*STORED DATA*
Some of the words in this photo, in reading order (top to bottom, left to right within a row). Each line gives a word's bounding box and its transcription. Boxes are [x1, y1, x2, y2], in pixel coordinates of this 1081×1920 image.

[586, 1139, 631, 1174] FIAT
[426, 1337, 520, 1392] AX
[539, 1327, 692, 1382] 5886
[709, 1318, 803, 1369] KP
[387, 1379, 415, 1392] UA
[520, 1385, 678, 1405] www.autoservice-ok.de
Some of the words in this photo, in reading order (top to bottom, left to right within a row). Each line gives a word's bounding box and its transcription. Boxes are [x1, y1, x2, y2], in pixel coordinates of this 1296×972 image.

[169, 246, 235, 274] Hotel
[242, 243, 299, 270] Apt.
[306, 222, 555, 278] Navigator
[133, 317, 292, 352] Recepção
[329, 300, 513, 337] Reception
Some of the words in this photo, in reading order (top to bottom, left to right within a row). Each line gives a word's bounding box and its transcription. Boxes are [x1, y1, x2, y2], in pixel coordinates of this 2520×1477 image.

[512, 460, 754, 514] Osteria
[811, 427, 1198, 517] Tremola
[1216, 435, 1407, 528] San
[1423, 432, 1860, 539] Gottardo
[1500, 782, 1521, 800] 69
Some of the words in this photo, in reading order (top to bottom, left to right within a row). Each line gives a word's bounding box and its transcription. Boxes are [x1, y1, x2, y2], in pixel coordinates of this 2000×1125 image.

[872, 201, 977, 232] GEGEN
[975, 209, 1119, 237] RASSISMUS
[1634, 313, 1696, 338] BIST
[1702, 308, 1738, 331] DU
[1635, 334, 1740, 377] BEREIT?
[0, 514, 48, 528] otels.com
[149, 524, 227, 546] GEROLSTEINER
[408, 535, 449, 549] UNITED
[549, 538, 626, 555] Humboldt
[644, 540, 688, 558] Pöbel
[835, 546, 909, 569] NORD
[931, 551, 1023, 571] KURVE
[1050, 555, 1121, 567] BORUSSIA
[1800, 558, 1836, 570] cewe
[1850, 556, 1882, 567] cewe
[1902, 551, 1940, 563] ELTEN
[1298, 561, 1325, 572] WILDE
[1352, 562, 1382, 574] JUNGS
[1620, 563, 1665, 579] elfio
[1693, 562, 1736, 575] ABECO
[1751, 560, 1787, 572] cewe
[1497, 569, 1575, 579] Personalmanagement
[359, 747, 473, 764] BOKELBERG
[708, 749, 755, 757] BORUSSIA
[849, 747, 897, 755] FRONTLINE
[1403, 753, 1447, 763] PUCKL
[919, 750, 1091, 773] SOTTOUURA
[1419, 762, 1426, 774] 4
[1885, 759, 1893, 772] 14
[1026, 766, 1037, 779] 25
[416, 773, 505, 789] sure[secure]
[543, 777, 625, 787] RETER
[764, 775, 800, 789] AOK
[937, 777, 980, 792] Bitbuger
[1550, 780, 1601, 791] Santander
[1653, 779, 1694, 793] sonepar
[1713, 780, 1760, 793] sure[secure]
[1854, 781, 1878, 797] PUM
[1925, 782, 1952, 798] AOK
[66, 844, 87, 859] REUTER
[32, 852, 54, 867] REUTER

*TASK TO CARRY OUT*
Starting from the line containing "this 2000×1125 image.", repeat each line through the end of the entries, exactly.

*WRITTEN SOLUTION*
Some of the words in this photo, in reading order (top to bottom, left to right within a row). Each line gives a word's bounding box and its transcription. Boxes are [x1, y1, x2, y2], in pixel coordinates of this 2000×1125 image.

[872, 201, 977, 232] GEGEN
[975, 209, 1119, 237] RASSISMUS
[1634, 313, 1696, 338] BIST
[1702, 308, 1738, 331] DU
[1635, 334, 1740, 377] BEREIT?
[0, 514, 48, 528] otels.com
[149, 524, 227, 546] GEROLSTEINER
[408, 535, 449, 549] UNITED
[549, 538, 626, 555] Humboldt
[644, 540, 688, 558] Pöbel
[835, 546, 909, 569] NORD
[931, 551, 1023, 571] KURVE
[1050, 555, 1121, 567] BORUSSIA
[1800, 558, 1836, 570] cewe
[1850, 556, 1882, 567] cewe
[1902, 551, 1940, 563] ELTEN
[1298, 561, 1325, 572] WILDE
[1352, 562, 1382, 574] JUNGS
[1620, 563, 1665, 579] elfio
[1693, 562, 1736, 575] ABECO
[1751, 560, 1787, 572] cewe
[1497, 569, 1575, 579] Personalmanagement
[359, 747, 473, 764] BOKELBERG
[708, 749, 755, 757] BORUSSIA
[849, 747, 897, 755] FRONTLINE
[1403, 753, 1447, 763] PUCKL
[919, 750, 1091, 773] SOTTOUURA
[1419, 762, 1426, 774] 4
[1885, 759, 1893, 772] 14
[1026, 766, 1037, 779] 25
[416, 773, 505, 789] sure[secure]
[543, 777, 625, 787] RETER
[764, 775, 800, 789] AOK
[937, 777, 980, 792] Bitbuger
[1550, 780, 1601, 791] Santander
[1653, 779, 1694, 793] sonepar
[1713, 780, 1760, 793] sure[secure]
[1854, 781, 1878, 797] PUM
[1925, 782, 1952, 798] AOK
[66, 844, 87, 859] REUTER
[32, 852, 54, 867] REUTER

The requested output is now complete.